Assigned task. What is needed is a verbatim copy of the data, minus the pictures.

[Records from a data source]
>>>

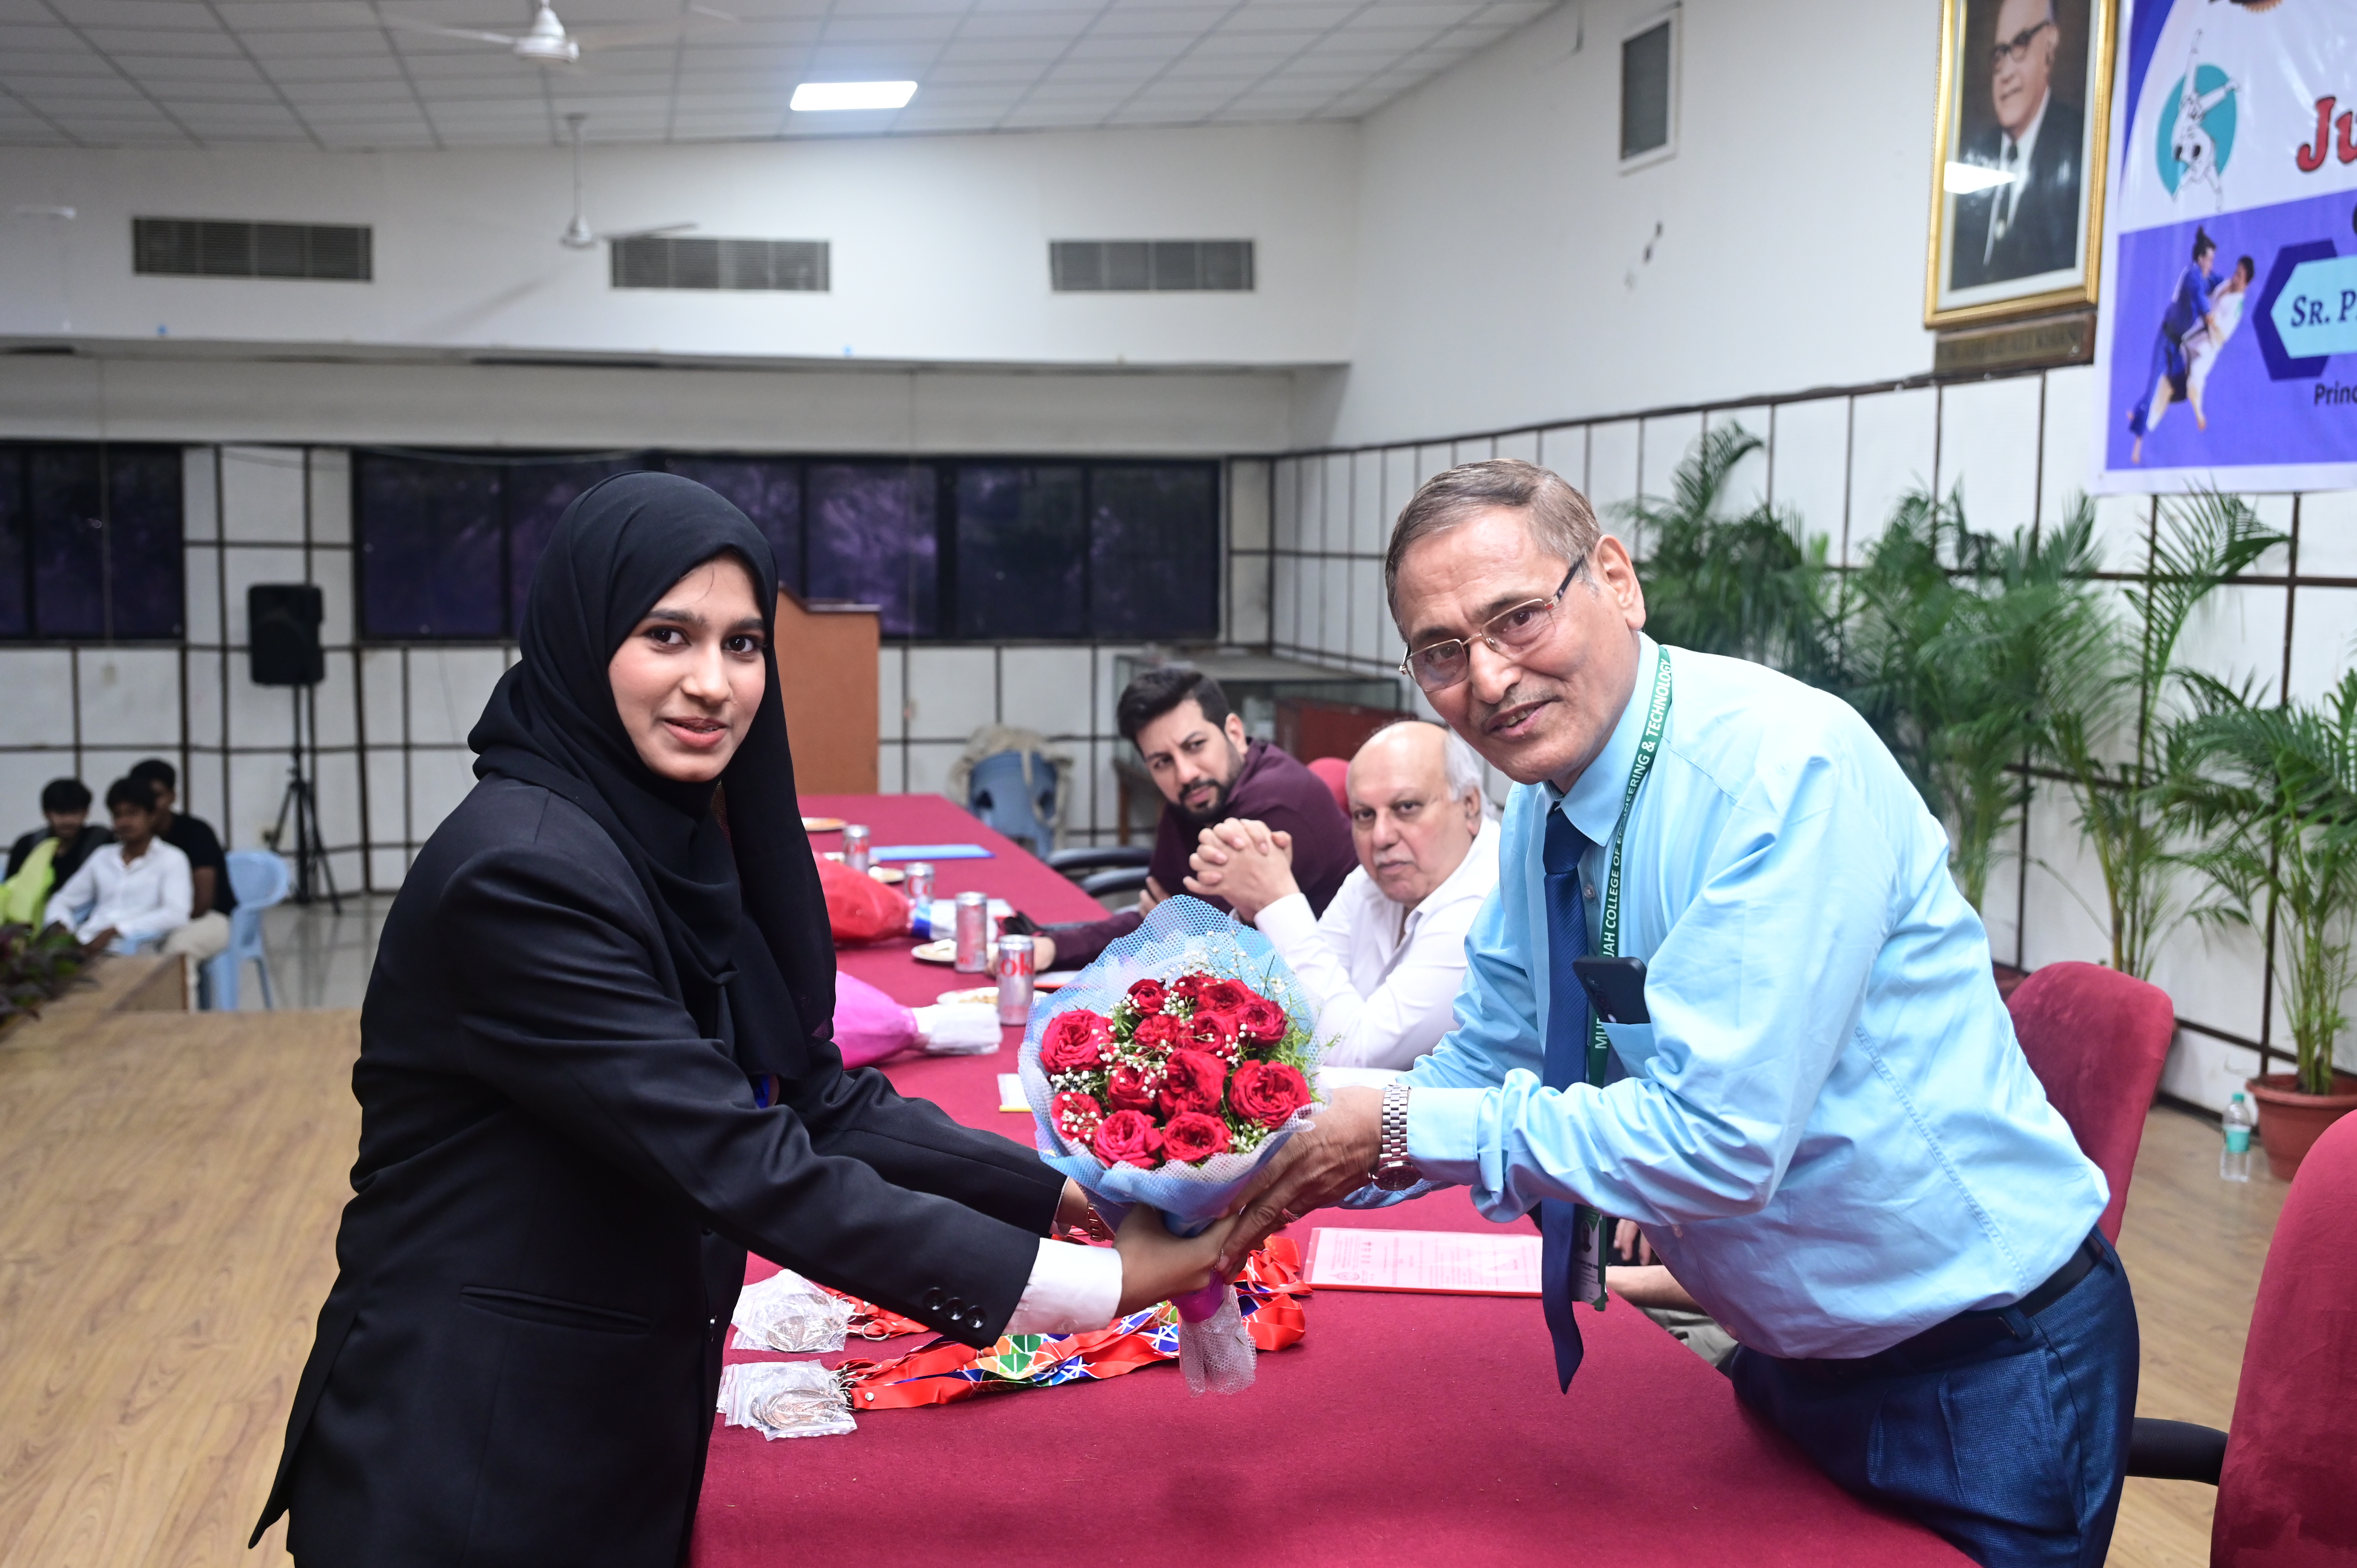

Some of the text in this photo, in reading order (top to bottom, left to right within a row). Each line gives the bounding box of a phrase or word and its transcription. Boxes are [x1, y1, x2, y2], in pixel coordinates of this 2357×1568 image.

[2338, 290, 2357, 321] P
[1645, 658, 1671, 736] TECHNOLOGY
[1641, 741, 1656, 752] &
[1613, 848, 1620, 866] OF
[1605, 869, 1619, 929] COLLEGE
[1603, 932, 1615, 957] JAH
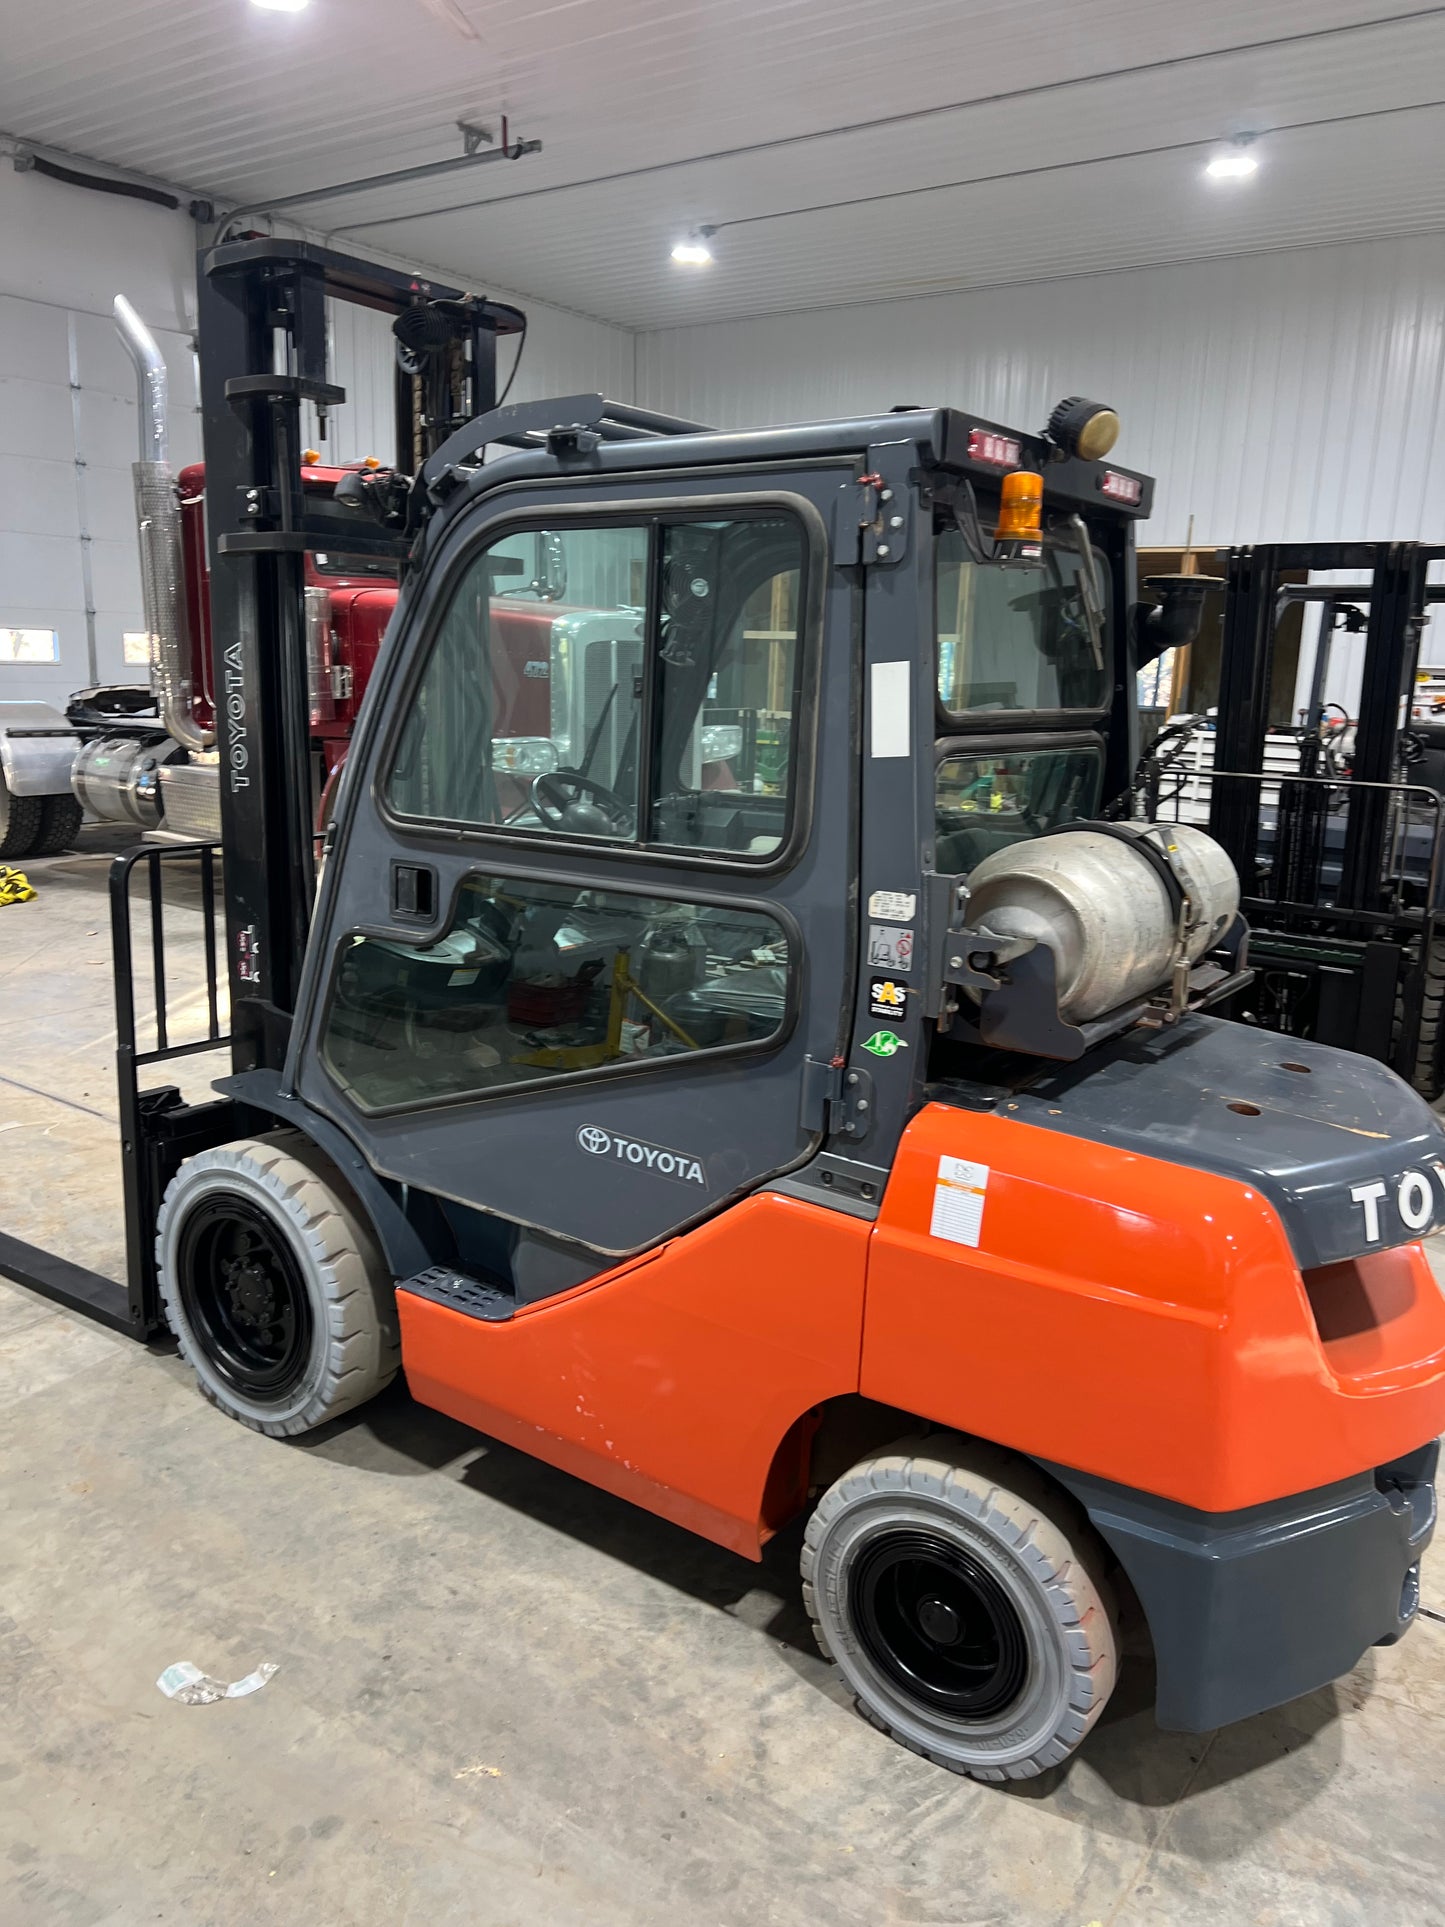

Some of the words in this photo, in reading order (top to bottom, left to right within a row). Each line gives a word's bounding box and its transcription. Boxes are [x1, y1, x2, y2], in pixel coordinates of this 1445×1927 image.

[223, 641, 250, 793] TOYOTA
[871, 981, 906, 1005] SAS
[613, 1138, 704, 1184] TOYOTA

<<<

Exercise output.
Some of the text in this photo, in reading order (top to bottom, left to right within a row). Each line gives the bounding box of a phrase or word and its transcription. Boxes are [x1, y1, x2, y2], in pixel coordinates of this 2357×1568 image.

[2338, 290, 2357, 321] P
[1645, 658, 1671, 736] TECHNOLOGY
[1641, 741, 1656, 752] &
[1613, 848, 1620, 866] OF
[1605, 869, 1619, 929] COLLEGE
[1603, 932, 1615, 957] JAH

Some of the words in this photo, in reading order (top to bottom, left to right within a row). Each line gives a word's bounding box and its transcription. Boxes are [x1, y1, x2, y2], in pixel coordinates of this 1445×1927 image.

[223, 641, 250, 793] TOYOTA
[871, 981, 906, 1005] SAS
[613, 1138, 704, 1184] TOYOTA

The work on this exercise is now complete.